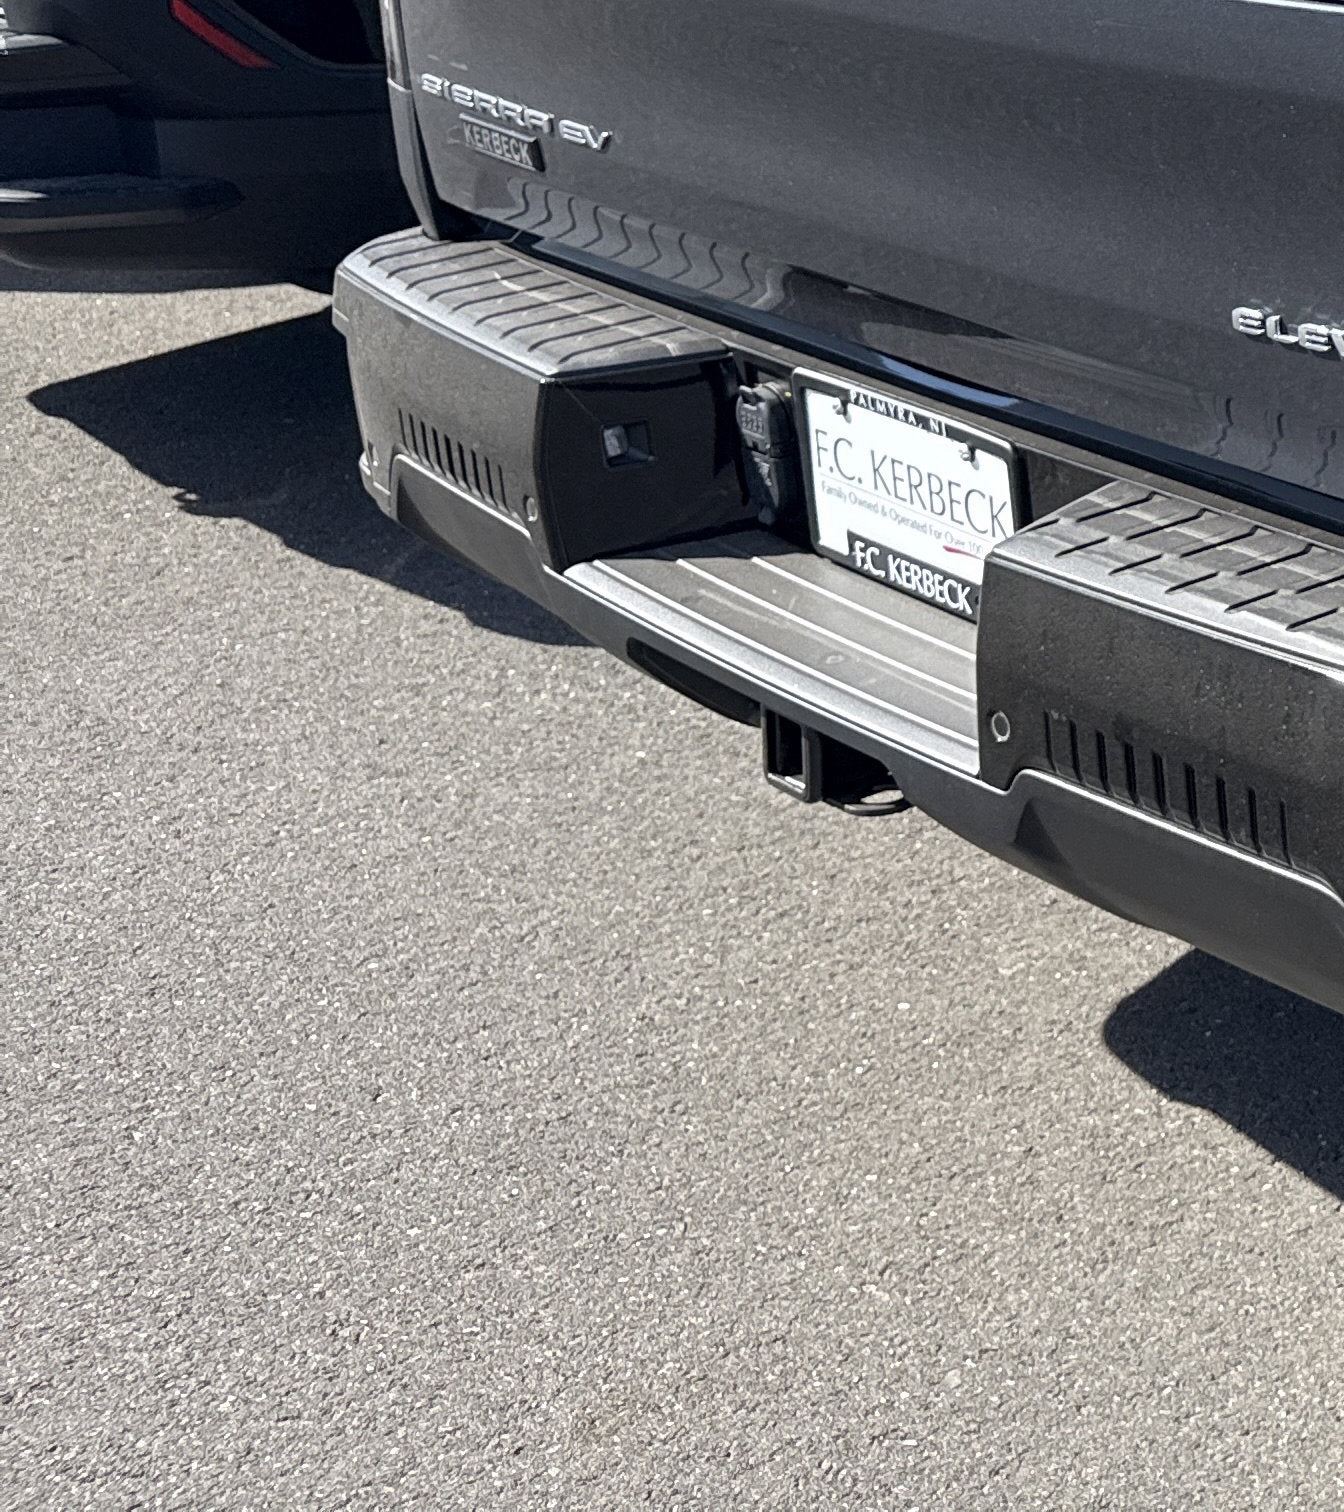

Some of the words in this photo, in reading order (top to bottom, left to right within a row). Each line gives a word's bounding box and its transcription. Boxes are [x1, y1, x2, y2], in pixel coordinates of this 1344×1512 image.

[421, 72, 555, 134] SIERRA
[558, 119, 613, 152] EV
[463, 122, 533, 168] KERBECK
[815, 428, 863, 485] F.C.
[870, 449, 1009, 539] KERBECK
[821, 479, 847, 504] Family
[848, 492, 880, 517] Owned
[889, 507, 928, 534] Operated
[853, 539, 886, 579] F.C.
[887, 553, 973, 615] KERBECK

******************************

* **Instructions to follow**: Reproduce every line of the data above, exactly as it stands, but not the pictures.

* **Answer space**:
Some of the words in this photo, in reading order (top to bottom, left to right within a row). Each line gives a word's bounding box and its transcription. Boxes are [x1, y1, x2, y2], in pixel coordinates of this 1344×1512 image.

[421, 72, 555, 134] SIERRA
[558, 119, 613, 152] EV
[463, 122, 533, 168] KERBECK
[815, 428, 863, 485] F.C.
[870, 449, 1009, 539] KERBECK
[821, 479, 847, 504] Family
[848, 492, 880, 517] Owned
[889, 507, 928, 534] Operated
[853, 539, 886, 579] F.C.
[887, 553, 973, 615] KERBECK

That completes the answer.